PROBLEM >> An exact, complete copy of the entries is needed, with the pictures left out.

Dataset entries
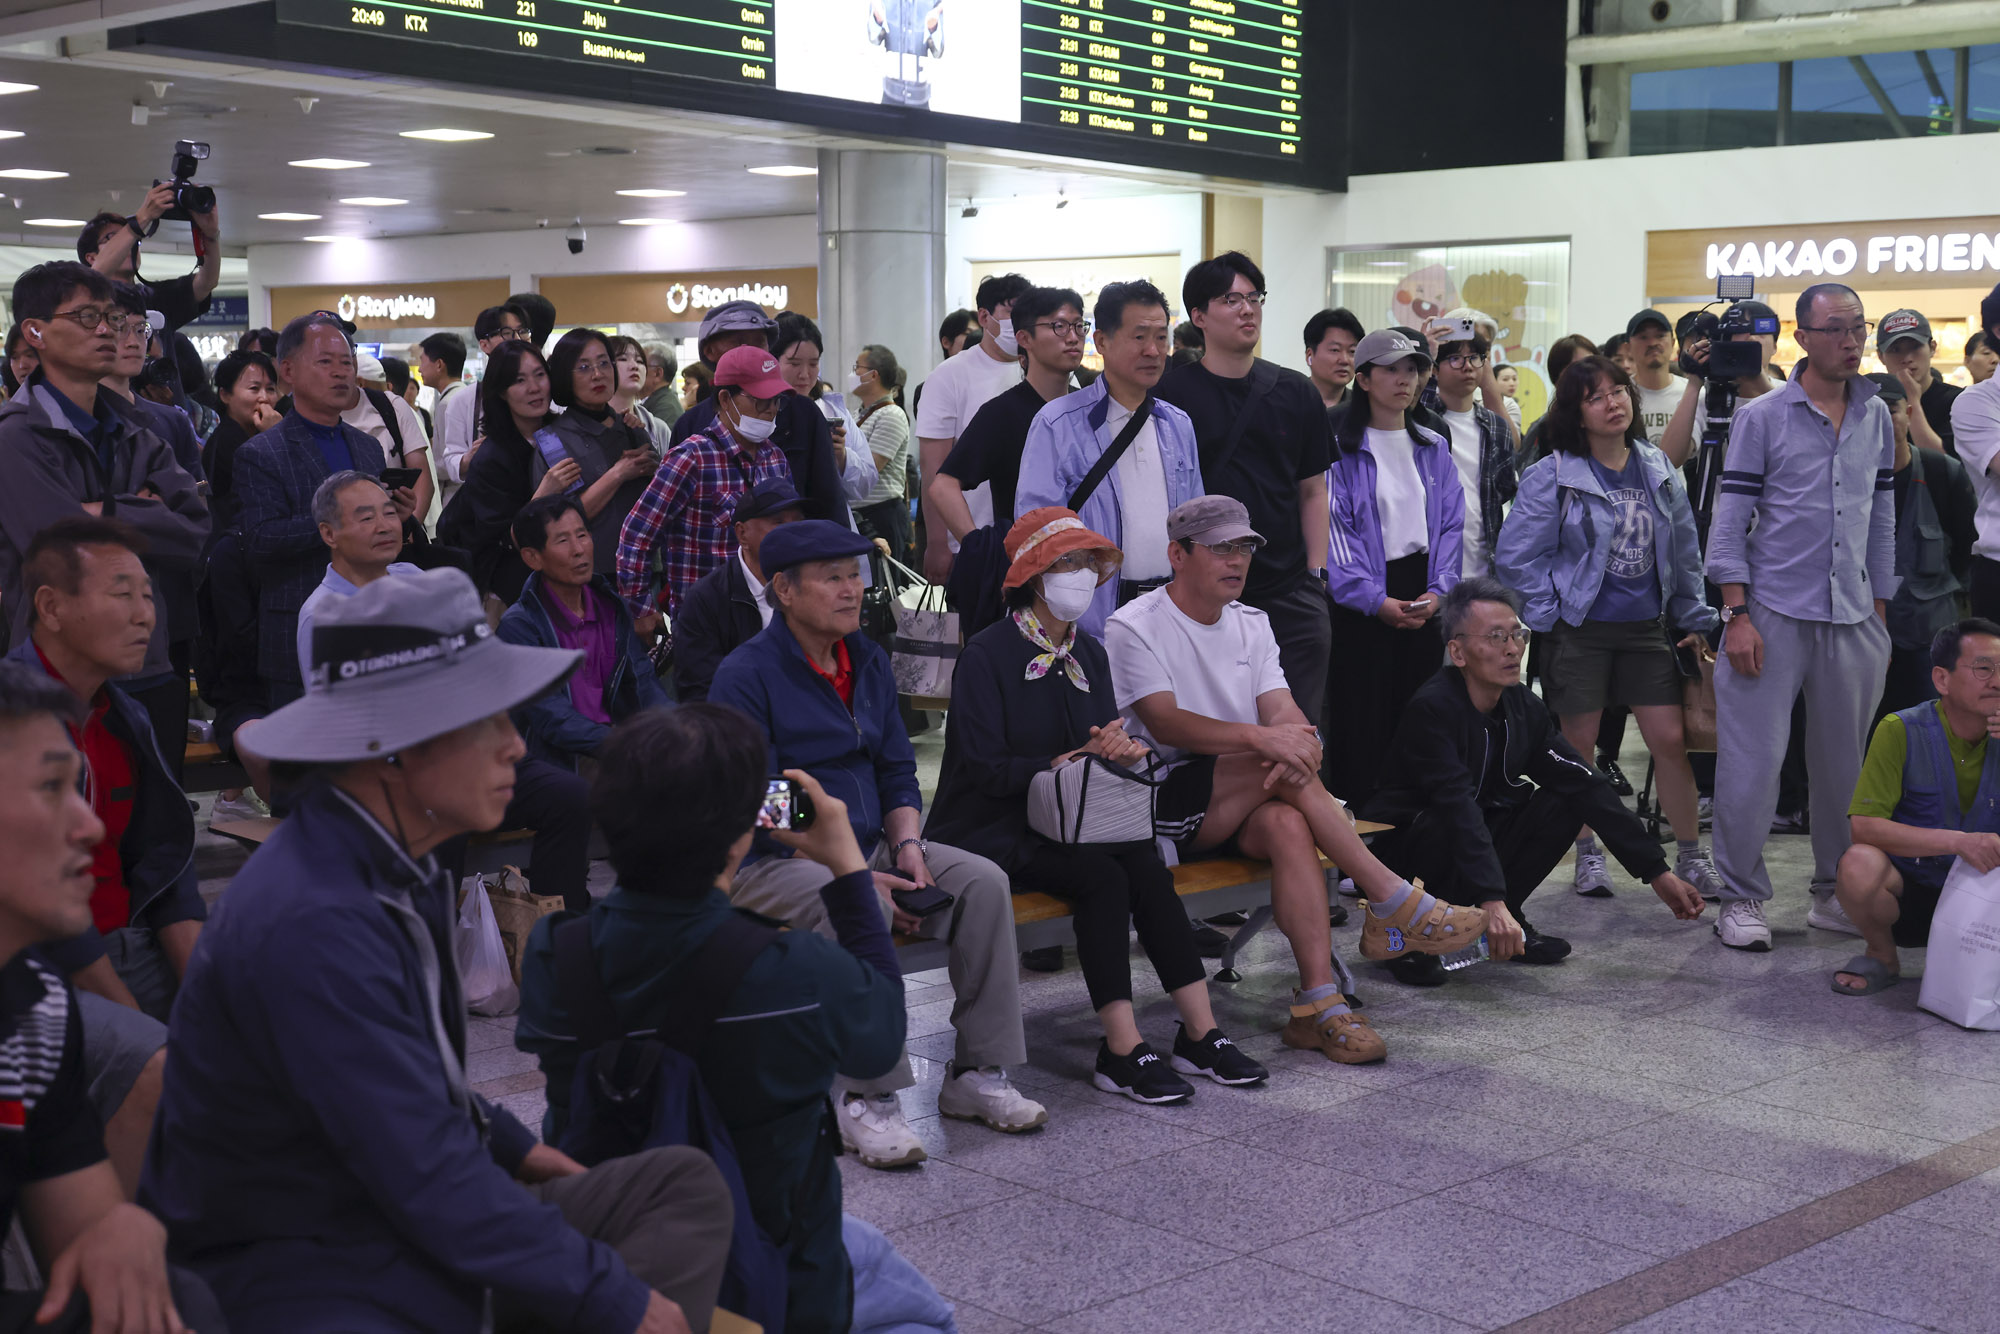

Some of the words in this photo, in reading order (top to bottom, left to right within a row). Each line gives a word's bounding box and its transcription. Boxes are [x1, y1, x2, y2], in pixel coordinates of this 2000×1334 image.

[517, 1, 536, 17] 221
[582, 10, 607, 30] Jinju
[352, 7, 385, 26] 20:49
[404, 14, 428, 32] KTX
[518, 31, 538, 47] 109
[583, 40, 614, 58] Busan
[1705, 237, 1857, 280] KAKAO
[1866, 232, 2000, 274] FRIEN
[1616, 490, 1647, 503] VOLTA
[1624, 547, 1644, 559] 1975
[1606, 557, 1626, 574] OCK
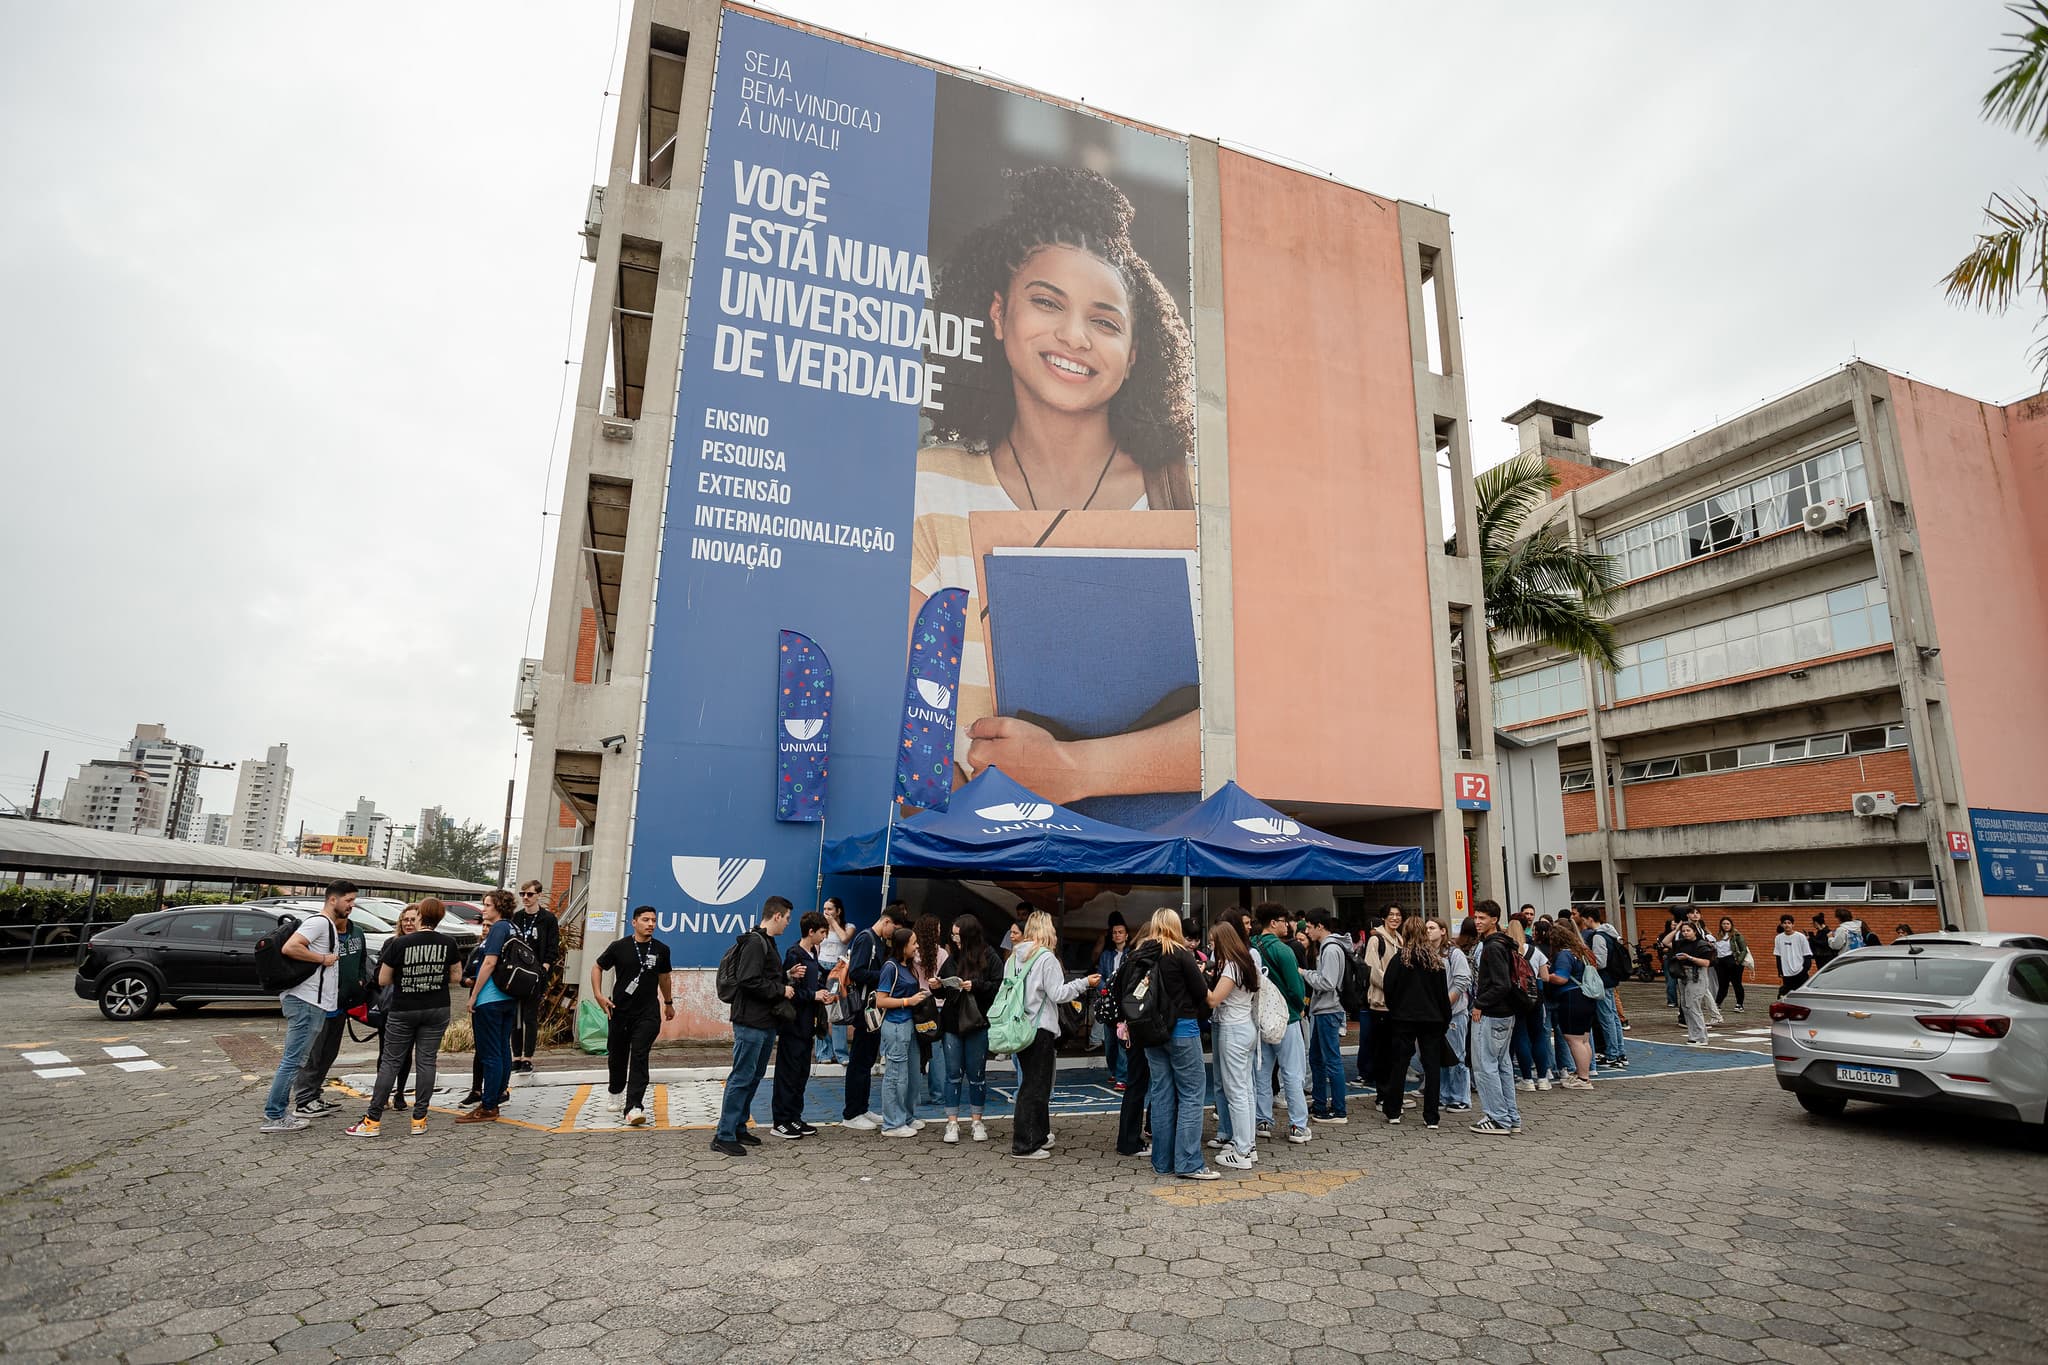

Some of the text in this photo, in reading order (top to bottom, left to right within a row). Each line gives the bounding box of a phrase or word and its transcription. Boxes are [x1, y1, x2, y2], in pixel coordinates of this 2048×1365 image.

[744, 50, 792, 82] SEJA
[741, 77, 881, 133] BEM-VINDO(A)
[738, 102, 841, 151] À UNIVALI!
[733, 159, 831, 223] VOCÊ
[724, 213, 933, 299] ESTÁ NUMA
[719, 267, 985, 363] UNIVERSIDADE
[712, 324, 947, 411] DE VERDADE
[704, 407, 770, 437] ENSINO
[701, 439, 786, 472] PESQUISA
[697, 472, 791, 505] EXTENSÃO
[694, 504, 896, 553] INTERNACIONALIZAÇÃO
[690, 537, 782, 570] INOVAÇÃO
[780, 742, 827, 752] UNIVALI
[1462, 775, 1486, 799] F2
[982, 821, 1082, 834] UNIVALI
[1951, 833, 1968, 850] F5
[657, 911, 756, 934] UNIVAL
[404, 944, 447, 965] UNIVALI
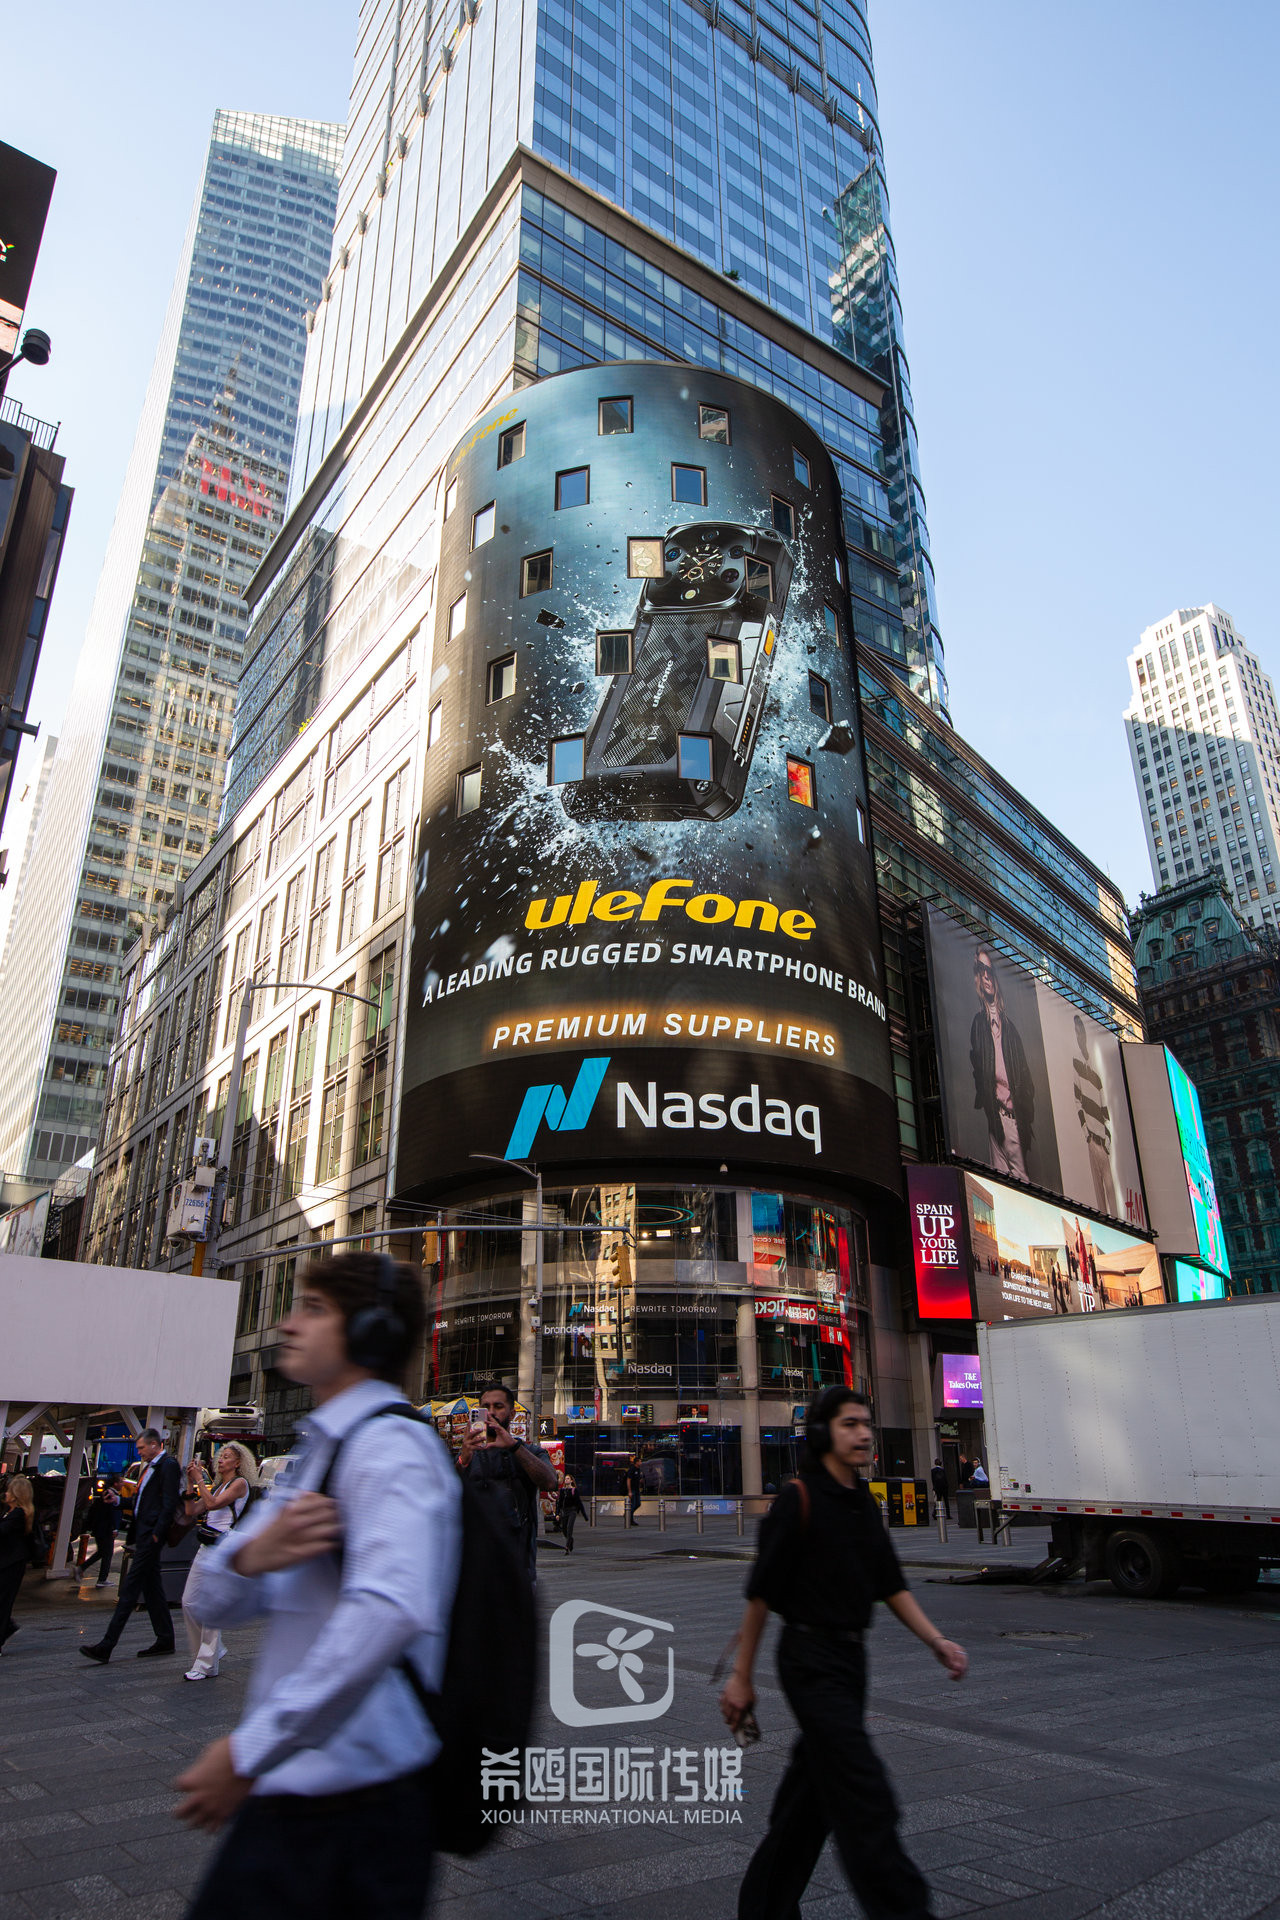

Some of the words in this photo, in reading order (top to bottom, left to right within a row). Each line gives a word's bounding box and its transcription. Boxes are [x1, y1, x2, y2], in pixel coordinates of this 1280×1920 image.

SOLVED EXERCISE >>
Some of the words in this photo, in reading order (top to bottom, left to right within a row). Each line gives a word's bounding box and its transcription. Boxes are [x1, y1, x2, y2], in pixel coordinates of this 2000×1334 image.

[517, 1, 536, 17] 221
[582, 10, 607, 30] Jinju
[352, 7, 385, 26] 20:49
[404, 14, 428, 32] KTX
[518, 31, 538, 47] 109
[583, 40, 614, 58] Busan
[1705, 237, 1857, 280] KAKAO
[1866, 232, 2000, 274] FRIEN
[1616, 490, 1647, 503] VOLTA
[1624, 547, 1644, 559] 1975
[1606, 557, 1626, 574] OCK

Some of the text in this photo, in reading order (top to bottom, left to right within a row). Each line gives the bounding box of a phrase or word and its transcription. Boxes are [x1, y1, x2, y2], in pixel coordinates of this 2048×1365 image.

[744, 50, 792, 82] SEJA
[741, 77, 881, 133] BEM-VINDO(A)
[738, 102, 841, 151] À UNIVALI!
[733, 159, 831, 223] VOCÊ
[724, 213, 933, 299] ESTÁ NUMA
[719, 267, 985, 363] UNIVERSIDADE
[712, 324, 947, 411] DE VERDADE
[704, 407, 770, 437] ENSINO
[701, 439, 786, 472] PESQUISA
[697, 472, 791, 505] EXTENSÃO
[694, 504, 896, 553] INTERNACIONALIZAÇÃO
[690, 537, 782, 570] INOVAÇÃO
[780, 742, 827, 752] UNIVALI
[1462, 775, 1486, 799] F2
[982, 821, 1082, 834] UNIVALI
[1951, 833, 1968, 850] F5
[657, 911, 756, 934] UNIVAL
[404, 944, 447, 965] UNIVALI

Some of the words in this photo, in reading order (top to bottom, left to right within a row). Each line gives a word's bounding box and its transcription. Boxes are [x1, y1, x2, y2], in pixel coordinates of this 1280×1920 image.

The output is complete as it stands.